Fr. Ghozairan places blame for the murders squarely on the shoulders of Islamic terrorists.
“We have many problems in Iraq because they take many priests and they beat them badly, they ask for ransom… they ask them to be Muslim and if they won’t, they kill them or ask them to pay too much to be free.” Ransom amounts are often an impossible $50,000 U.S. dollars. Three priests have been killed and others have been kidnapped.
“They want to kill any priest or deacon,” Fr. Ghozairan explains. Thousands of Chaldean Catholics have fled to neighboring Jordan and Syria. “If they could, they would come here to America to kill me.”

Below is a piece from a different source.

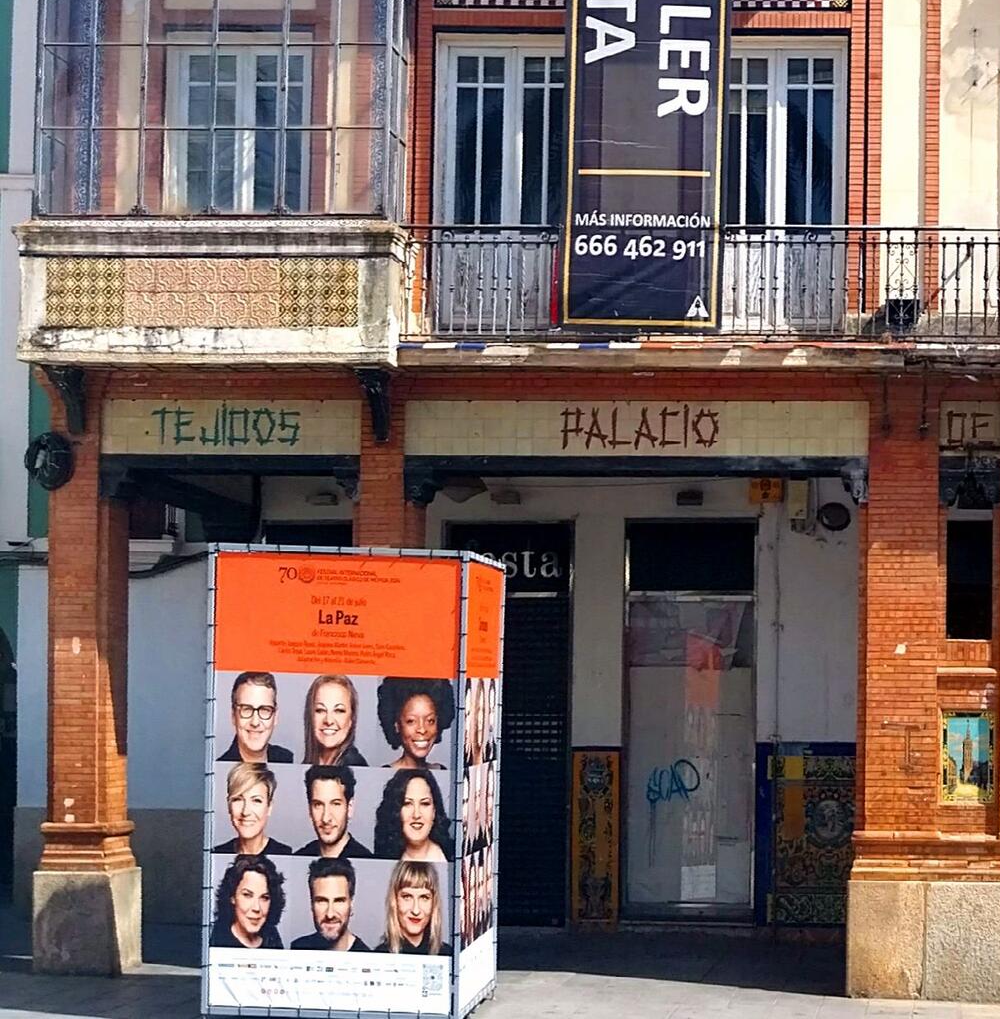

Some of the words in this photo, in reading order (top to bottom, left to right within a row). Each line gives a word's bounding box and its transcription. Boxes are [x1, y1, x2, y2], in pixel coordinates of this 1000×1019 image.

Fr. Ghozairan also tells of laity forced to flee their homes in Iraq because they do not have money to pay the “tax” for refusing to convert to Islam. “Please pray for us and for our community, for peace in Iraq.”
Threats against the martyred Fr. Ganni stretch back to 2004, yet he refused to be conquered by fear. Instead, he continued to minister to his people in spite of great suffering, which he viewed as redemptive.
It may appear as though evil triumphed the day heartless men took the earthly life of Fr. Ganni, but instead of destroying hope, they gave us an inspiring example of a gentle shepherd who laid down his life for his sheep. Hatred cannot extinguish the fire of faith that burns in the hearts of Catholics, for the blood of martyrs is the seed of the Church.
Our newly ordained priests and Catholics of all rites have a new model of courageous service in the face of great danger and suffering. That’s a story worth repeating as often as possible to anyone who will listen.